On Monday, I was back at Ferrum College for the first time since my son’s graduation a year ago for SCHEV’s meeting with the Private College Advisory Board (the private college presidents) and our regular May meeting of Council. At the very end of the meeting I was asked to give an update of my activities with the wage and debt reports. During this briefest of updates I also volunteered supportive responses to issues raised during the meeting.  (Of course, “supportive responses” were really along the lines of “If you would look at the damn website you would see that these things you are asking for already exist in great detail.”)  When I asked for questions, I received one, “Can you tell us about your involvement with the ratings system?”

It was kind of a set-up, in that I had spoken with that president just prior to the meeting and so he knew something of my involvement. I gave about a four sentence response summarizing my presentation at the symposium, which was greeted with the only applause of the day. The reception following the meeting contained a number of side conversations about the topic and requests for materials.

Parallel to all this, due to the marvels of mobile email, there is an exchange on this topic with my boss and a public college president, and the sharing of my presentation with that president.

Tuesday night was the time for pair of separate email conversation with a public and private president, both of whom have become highly involved in the topic and have been offering alternatives to USED and members of Congress. I’m really glad to see that they have been engaged and are offering some thoughtful, and good, suggestions.

Wednesday we saw the blog post from Jamienne Studley that announced that draft ratings system release would be delayed until fall. Many of us were not surprised by this news. This is a big project with high stakes – the initial release sets the tone as to whether Congress might actually tie Title IV eligibility to the ratings.

One of Tuesday night’s conversation led to a call from a congressional staffer. During the course of the discussion I learned there was a proposed budget amendment to prevent the department from spending any money on PIRS. This is a reaction to Duncan’s commitment last month to continue the project, even if Congress does not provide the $10 million requested for PIRS.

So, now we have a bit of horse race to watch.

Will PIRS make it out the door before October 1? (The federal fiscal year ends September 30.)

Will Congress pass a budget before PIRS is released?

Will the budget have an amendment killing PIRS?

If PIRS hits the street before next year’s budget is passed, and is a good product, then it has a chance. If delayed too much in the fall, it is quite likely dead. (One might wonder how much intention is in this delay….)

Today’s letter opposing Gainful Employment from 34 members from both parties might be an indicator of where this might go. PIRS is merely GE at the institution level. If the initial draft places large numbers of for-profits in the lowest ratings, I suspect we will see a very similar letter from members.
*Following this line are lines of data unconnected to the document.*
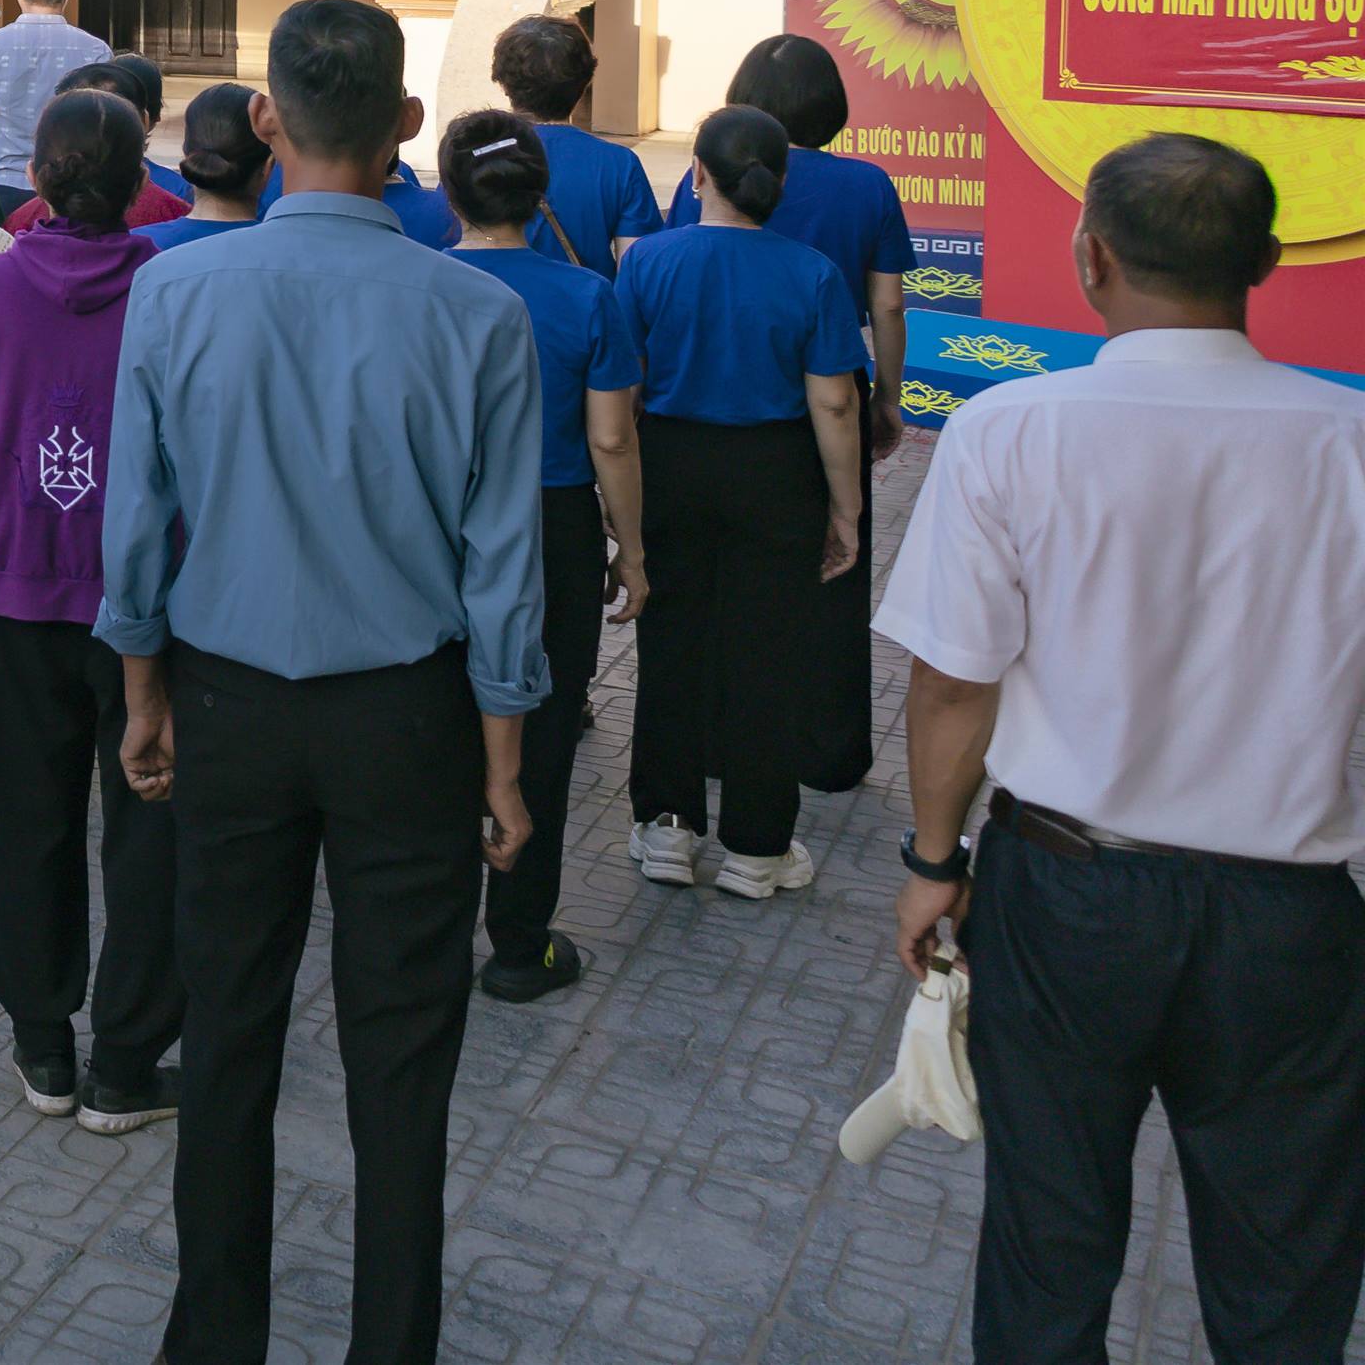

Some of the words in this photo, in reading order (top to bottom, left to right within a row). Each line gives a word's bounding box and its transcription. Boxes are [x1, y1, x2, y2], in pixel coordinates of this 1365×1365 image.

[857, 124, 902, 155] BƯỚC
[906, 125, 940, 156] VÀO
[944, 123, 966, 158] KỶ
[938, 175, 985, 206] MÌNH
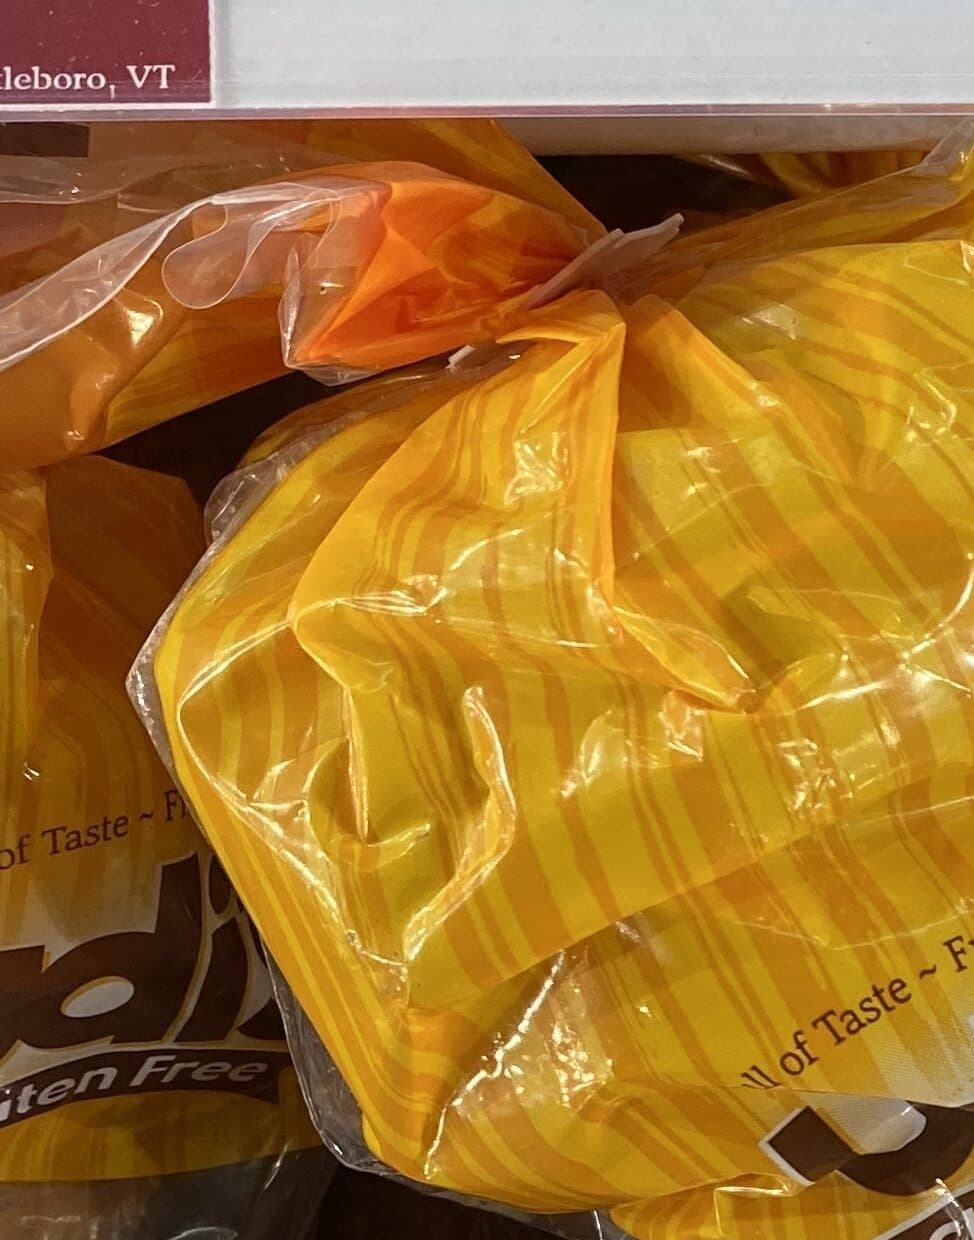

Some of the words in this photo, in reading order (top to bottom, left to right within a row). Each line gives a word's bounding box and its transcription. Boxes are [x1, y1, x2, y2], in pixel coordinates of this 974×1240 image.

[0, 66, 115, 100] leboro,
[126, 64, 176, 89] VT
[42, 815, 129, 857] Taste
[780, 1028, 819, 1077] of
[811, 976, 912, 1049] Taste
[130, 1054, 268, 1088] Free
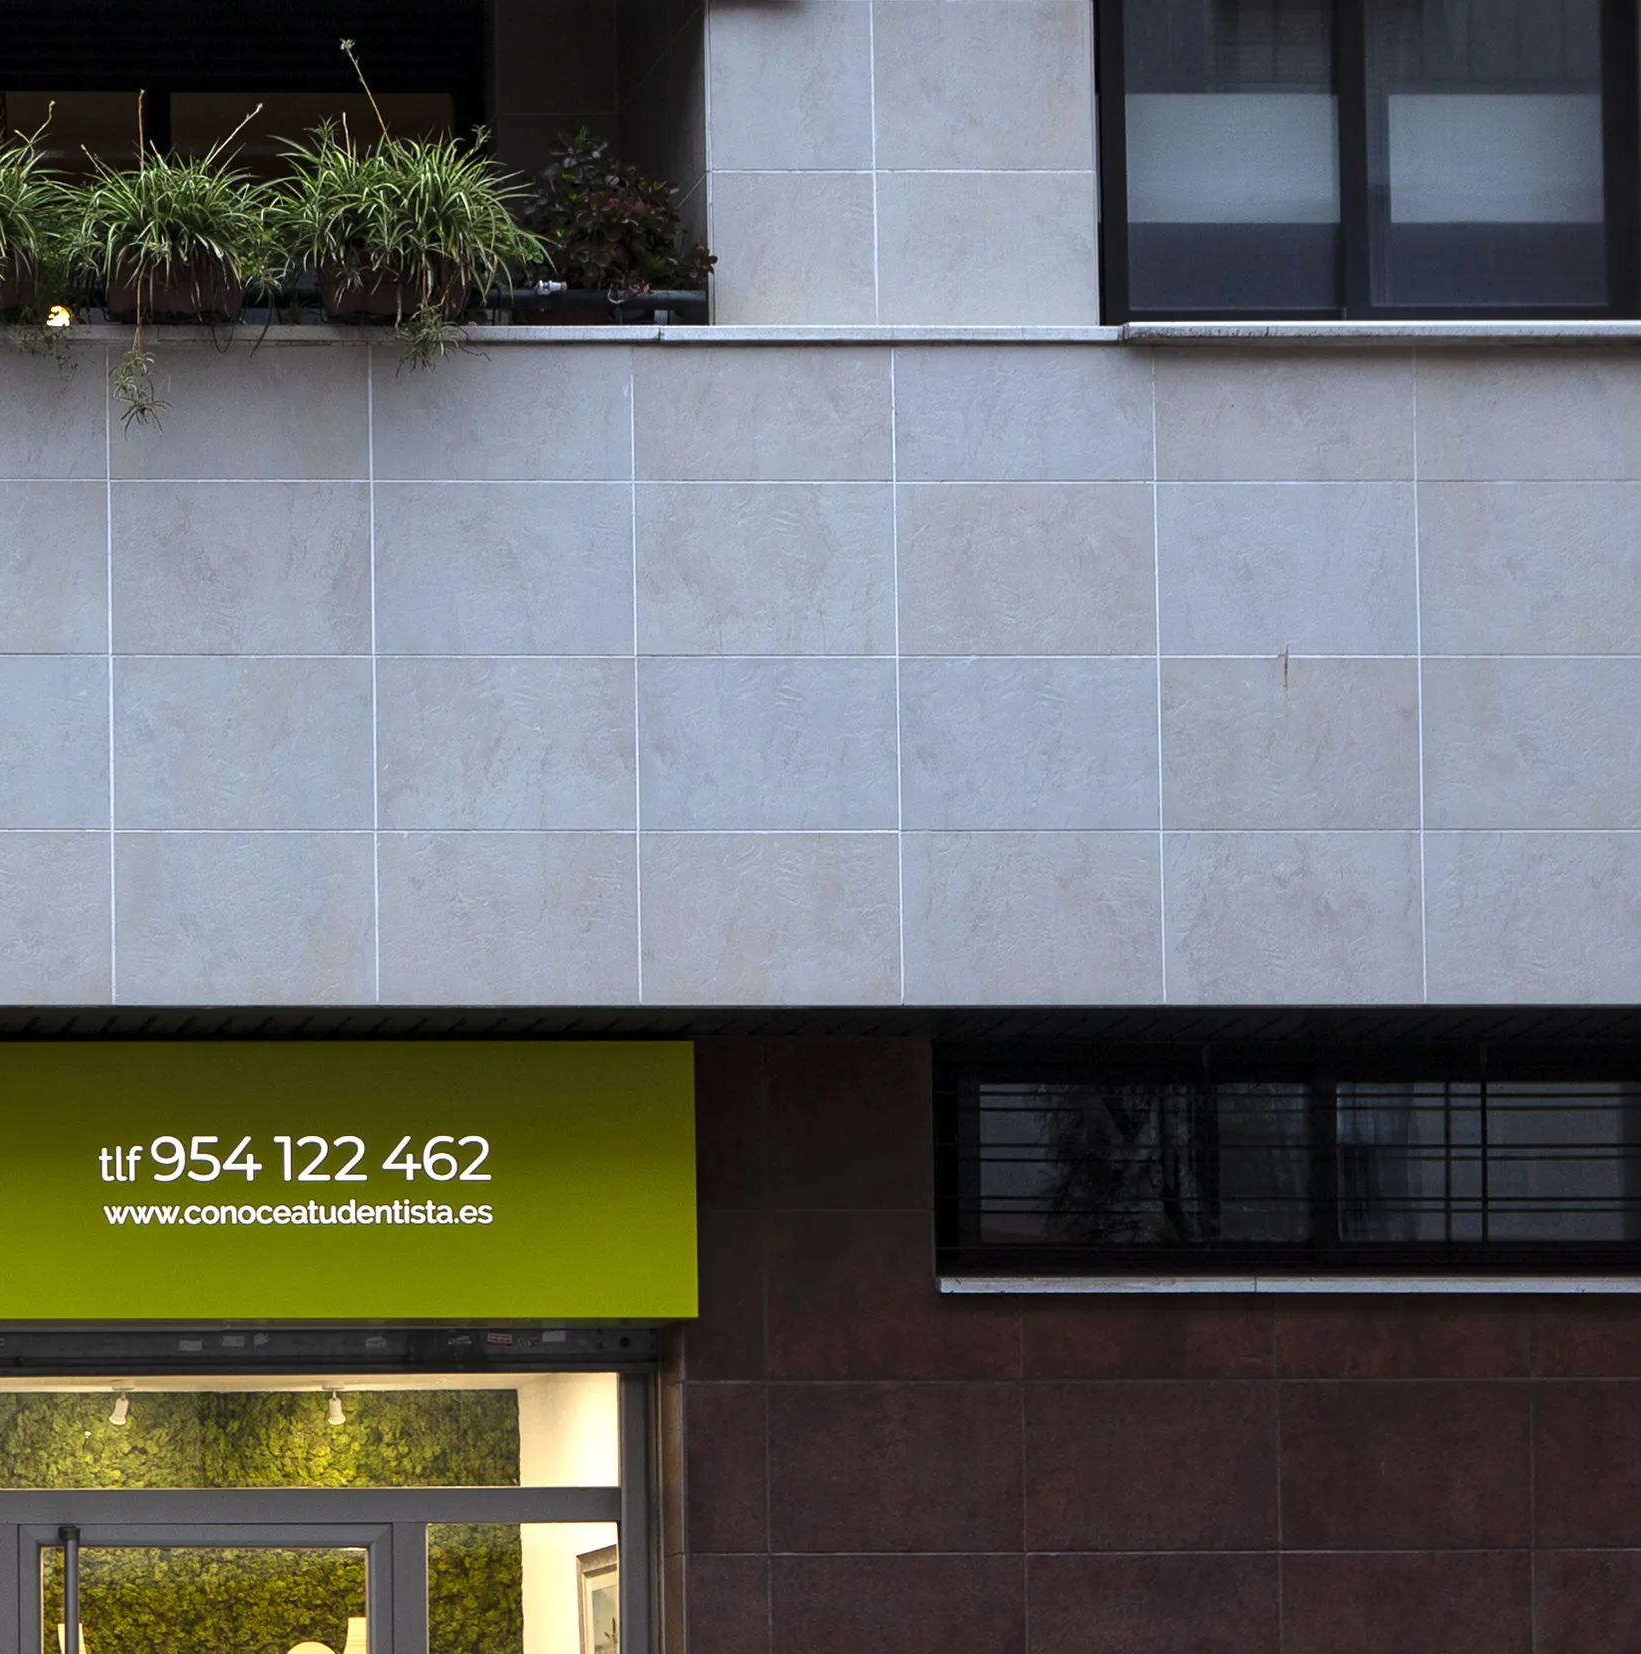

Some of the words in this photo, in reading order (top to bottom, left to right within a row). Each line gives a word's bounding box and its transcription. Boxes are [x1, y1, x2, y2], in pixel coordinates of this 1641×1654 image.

[99, 1145, 142, 1182] tlf
[150, 1136, 263, 1182] 954
[274, 1136, 368, 1182] 122
[383, 1136, 493, 1182] 462
[104, 1199, 494, 1226] www.conoceatudentista.es
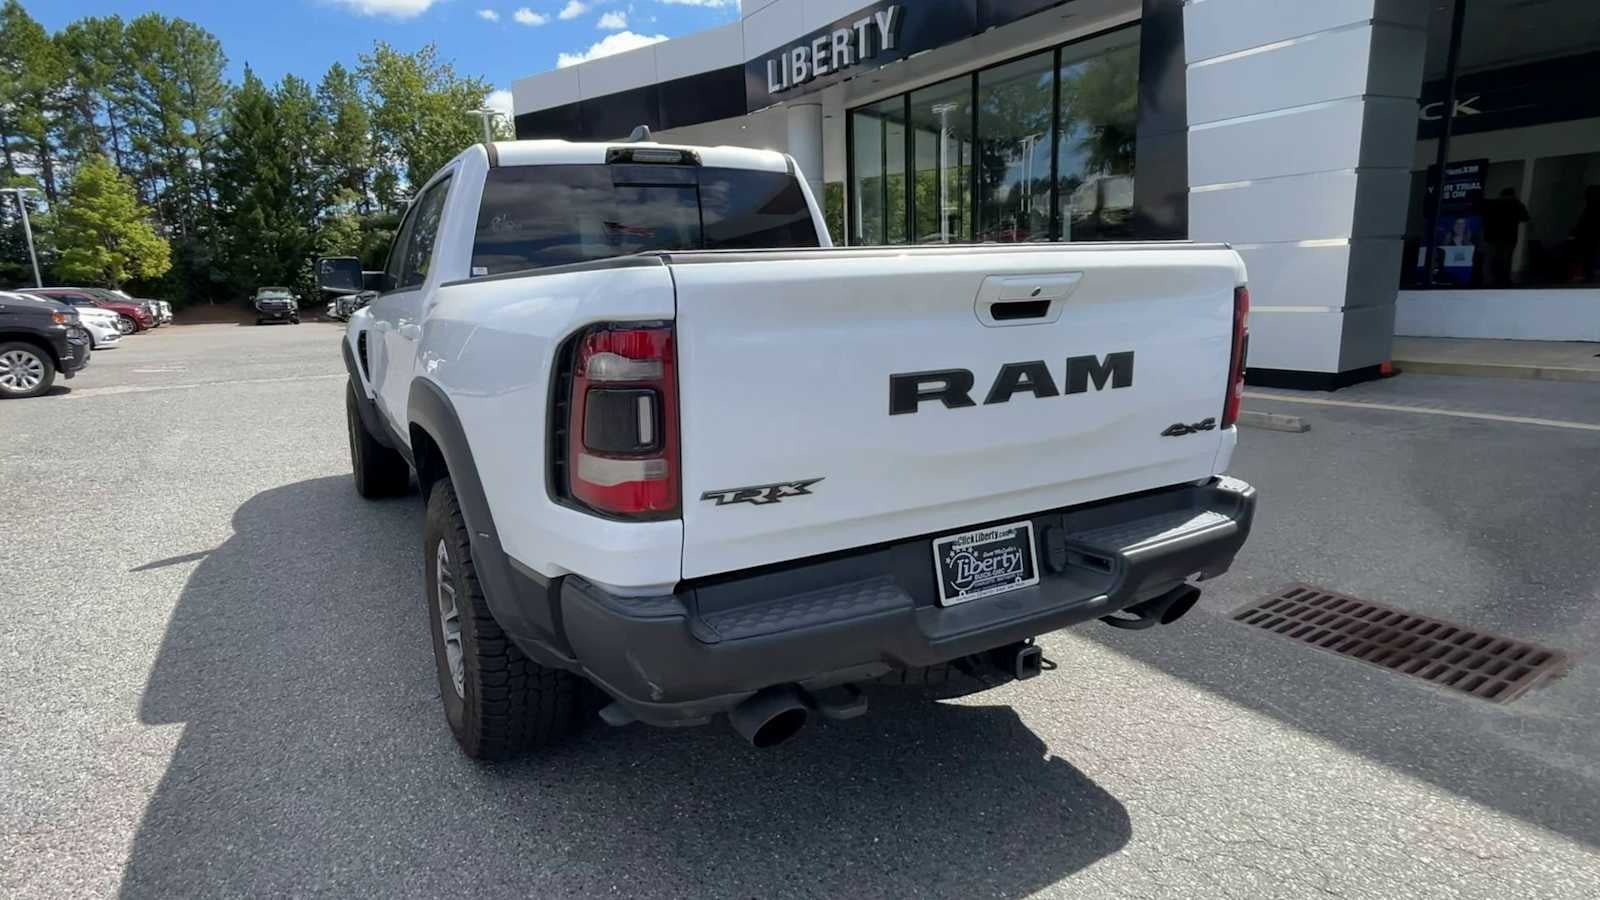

So, all told, I give PIRS three stars out of 10. It had a better chance if the Department had been able to keep to its announced schedule. It seems to me that an August release of a good product is necessary for its survival. I understand the need for a delay, it is a big project and I have delayed quite a few myself. Unfortunately, political realities can get in the way.

Non-urgent update, basically a late, “See? I told you!”

InsideHigherEd confirmed the idea of the amendment last week with a copy of the email.